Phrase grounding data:
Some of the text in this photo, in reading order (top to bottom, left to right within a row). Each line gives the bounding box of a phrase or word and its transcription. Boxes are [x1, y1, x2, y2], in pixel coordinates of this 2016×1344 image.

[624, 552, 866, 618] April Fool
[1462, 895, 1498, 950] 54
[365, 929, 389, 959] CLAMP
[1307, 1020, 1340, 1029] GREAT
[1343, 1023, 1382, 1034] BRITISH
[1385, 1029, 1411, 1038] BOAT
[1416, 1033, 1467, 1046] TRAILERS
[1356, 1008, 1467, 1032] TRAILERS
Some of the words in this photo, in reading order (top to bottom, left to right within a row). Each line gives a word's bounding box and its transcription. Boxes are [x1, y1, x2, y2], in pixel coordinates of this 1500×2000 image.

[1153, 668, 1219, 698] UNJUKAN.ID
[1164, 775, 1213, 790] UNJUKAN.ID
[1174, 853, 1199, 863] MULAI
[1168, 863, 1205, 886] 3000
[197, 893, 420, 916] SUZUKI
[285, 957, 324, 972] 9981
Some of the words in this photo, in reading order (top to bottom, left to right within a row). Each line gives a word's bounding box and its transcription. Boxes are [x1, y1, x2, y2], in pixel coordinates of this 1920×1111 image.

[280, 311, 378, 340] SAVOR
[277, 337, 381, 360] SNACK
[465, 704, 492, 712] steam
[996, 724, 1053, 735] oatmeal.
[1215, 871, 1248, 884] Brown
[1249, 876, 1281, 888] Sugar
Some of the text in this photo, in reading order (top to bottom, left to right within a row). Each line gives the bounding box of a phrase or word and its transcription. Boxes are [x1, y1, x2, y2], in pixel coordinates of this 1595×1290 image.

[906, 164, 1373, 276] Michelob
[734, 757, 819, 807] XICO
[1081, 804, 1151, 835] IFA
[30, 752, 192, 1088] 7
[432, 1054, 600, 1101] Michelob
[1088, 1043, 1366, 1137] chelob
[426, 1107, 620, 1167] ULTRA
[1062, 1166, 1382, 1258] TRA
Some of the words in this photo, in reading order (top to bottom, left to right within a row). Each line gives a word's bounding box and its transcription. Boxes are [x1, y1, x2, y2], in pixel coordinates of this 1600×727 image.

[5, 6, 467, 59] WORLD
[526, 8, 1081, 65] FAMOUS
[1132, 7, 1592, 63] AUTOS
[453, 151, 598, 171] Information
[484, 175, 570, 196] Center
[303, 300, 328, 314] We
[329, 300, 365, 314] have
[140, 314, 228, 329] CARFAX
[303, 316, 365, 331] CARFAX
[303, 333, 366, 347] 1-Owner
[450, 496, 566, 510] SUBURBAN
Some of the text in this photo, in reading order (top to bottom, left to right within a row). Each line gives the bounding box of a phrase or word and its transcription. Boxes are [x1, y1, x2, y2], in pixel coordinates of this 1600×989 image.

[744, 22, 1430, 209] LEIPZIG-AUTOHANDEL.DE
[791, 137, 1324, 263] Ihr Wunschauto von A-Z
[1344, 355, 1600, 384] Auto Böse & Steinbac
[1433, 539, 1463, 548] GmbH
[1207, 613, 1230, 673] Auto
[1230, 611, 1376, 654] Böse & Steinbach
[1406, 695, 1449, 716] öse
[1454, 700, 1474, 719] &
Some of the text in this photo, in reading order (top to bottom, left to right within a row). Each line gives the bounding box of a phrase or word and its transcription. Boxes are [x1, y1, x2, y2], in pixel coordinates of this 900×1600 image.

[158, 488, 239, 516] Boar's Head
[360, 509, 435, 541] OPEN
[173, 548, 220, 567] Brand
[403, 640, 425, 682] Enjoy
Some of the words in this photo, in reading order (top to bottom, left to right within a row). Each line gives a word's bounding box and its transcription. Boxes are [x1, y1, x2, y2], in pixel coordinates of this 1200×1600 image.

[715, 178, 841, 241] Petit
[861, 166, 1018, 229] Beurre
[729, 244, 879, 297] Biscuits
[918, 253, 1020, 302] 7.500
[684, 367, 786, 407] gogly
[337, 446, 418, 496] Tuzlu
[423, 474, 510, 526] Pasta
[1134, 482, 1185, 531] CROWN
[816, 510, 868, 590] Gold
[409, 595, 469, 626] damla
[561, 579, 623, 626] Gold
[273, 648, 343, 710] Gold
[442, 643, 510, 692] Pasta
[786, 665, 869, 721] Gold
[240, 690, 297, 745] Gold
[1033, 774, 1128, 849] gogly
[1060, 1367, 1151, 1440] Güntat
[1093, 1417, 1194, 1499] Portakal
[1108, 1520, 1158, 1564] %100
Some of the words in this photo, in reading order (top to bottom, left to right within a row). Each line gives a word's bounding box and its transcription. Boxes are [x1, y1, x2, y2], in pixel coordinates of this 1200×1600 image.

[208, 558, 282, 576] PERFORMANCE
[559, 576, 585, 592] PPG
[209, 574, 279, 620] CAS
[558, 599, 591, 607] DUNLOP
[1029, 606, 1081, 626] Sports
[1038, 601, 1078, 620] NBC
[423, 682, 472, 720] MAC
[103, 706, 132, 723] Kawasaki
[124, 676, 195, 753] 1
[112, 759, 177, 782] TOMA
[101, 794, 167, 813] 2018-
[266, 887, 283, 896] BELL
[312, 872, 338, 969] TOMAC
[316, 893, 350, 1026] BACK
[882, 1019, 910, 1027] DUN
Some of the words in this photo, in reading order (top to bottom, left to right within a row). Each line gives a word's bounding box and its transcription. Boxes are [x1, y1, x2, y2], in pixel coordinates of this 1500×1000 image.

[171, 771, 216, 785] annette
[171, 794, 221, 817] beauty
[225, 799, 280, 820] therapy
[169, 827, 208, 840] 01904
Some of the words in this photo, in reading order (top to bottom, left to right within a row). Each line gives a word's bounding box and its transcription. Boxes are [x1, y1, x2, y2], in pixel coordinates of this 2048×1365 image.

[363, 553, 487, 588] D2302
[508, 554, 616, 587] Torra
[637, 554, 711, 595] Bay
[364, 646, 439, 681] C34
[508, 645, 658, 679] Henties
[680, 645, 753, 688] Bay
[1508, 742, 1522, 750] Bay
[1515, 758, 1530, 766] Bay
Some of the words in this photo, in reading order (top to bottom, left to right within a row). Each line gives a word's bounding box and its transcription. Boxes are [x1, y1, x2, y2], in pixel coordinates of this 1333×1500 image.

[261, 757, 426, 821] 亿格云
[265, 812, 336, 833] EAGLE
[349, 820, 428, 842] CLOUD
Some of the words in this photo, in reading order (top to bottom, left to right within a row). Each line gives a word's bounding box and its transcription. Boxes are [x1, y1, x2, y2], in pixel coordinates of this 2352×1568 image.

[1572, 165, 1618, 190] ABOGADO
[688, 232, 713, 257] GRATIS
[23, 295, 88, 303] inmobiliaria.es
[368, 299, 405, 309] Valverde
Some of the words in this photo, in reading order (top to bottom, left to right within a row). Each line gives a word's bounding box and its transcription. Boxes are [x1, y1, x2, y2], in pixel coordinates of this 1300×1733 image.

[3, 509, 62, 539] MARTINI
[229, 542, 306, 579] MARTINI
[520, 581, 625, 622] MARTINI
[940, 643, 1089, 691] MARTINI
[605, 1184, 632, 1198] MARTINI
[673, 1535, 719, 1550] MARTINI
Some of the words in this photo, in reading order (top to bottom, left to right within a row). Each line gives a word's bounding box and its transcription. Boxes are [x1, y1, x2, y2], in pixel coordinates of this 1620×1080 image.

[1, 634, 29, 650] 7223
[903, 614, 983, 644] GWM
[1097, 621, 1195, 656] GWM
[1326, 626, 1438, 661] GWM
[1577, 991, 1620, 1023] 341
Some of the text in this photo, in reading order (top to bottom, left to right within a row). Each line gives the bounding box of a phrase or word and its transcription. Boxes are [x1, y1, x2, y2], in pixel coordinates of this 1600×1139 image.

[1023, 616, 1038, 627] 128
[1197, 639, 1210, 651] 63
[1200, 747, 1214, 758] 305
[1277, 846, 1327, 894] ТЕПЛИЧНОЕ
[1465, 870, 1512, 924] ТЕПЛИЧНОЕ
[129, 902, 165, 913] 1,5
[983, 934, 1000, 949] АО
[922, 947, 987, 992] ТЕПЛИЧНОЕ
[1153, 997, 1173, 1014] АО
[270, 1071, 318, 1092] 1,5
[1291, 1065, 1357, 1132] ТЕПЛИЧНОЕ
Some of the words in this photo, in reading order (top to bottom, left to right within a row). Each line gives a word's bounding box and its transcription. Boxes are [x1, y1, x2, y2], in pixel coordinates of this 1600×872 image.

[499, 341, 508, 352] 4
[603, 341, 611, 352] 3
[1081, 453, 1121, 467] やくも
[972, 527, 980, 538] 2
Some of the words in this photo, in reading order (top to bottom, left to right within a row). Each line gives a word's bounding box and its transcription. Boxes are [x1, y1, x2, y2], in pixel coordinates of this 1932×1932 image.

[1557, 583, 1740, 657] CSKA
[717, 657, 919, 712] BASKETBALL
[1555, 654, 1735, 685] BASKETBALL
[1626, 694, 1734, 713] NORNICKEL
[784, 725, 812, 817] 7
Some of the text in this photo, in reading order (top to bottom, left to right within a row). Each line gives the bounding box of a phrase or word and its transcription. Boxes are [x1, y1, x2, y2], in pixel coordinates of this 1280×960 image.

TASK BRIEF »
The answer is the line holding "this 1600×872 image." and all the lines after it through the end of the records, repeated exactly.

RESPONSE AREA »
Some of the words in this photo, in reading order (top to bottom, left to right within a row). Each line gives a word's bounding box and its transcription. Boxes are [x1, y1, x2, y2], in pixel coordinates of this 1600×872 image.

[499, 341, 508, 352] 4
[603, 341, 611, 352] 3
[1081, 453, 1121, 467] やくも
[972, 527, 980, 538] 2
Some of the words in this photo, in reading order (top to bottom, left to right within a row). Each line gives a word's bounding box and its transcription. Boxes are [x1, y1, x2, y2], in pixel coordinates of this 1932×1932 image.

[1557, 583, 1740, 657] CSKA
[717, 657, 919, 712] BASKETBALL
[1555, 654, 1735, 685] BASKETBALL
[1626, 694, 1734, 713] NORNICKEL
[784, 725, 812, 817] 7
Some of the text in this photo, in reading order (top to bottom, left to right within a row). Each line gives the bounding box of a phrase or word and its transcription. Boxes are [x1, y1, x2, y2], in pixel coordinates of this 1280×960 image.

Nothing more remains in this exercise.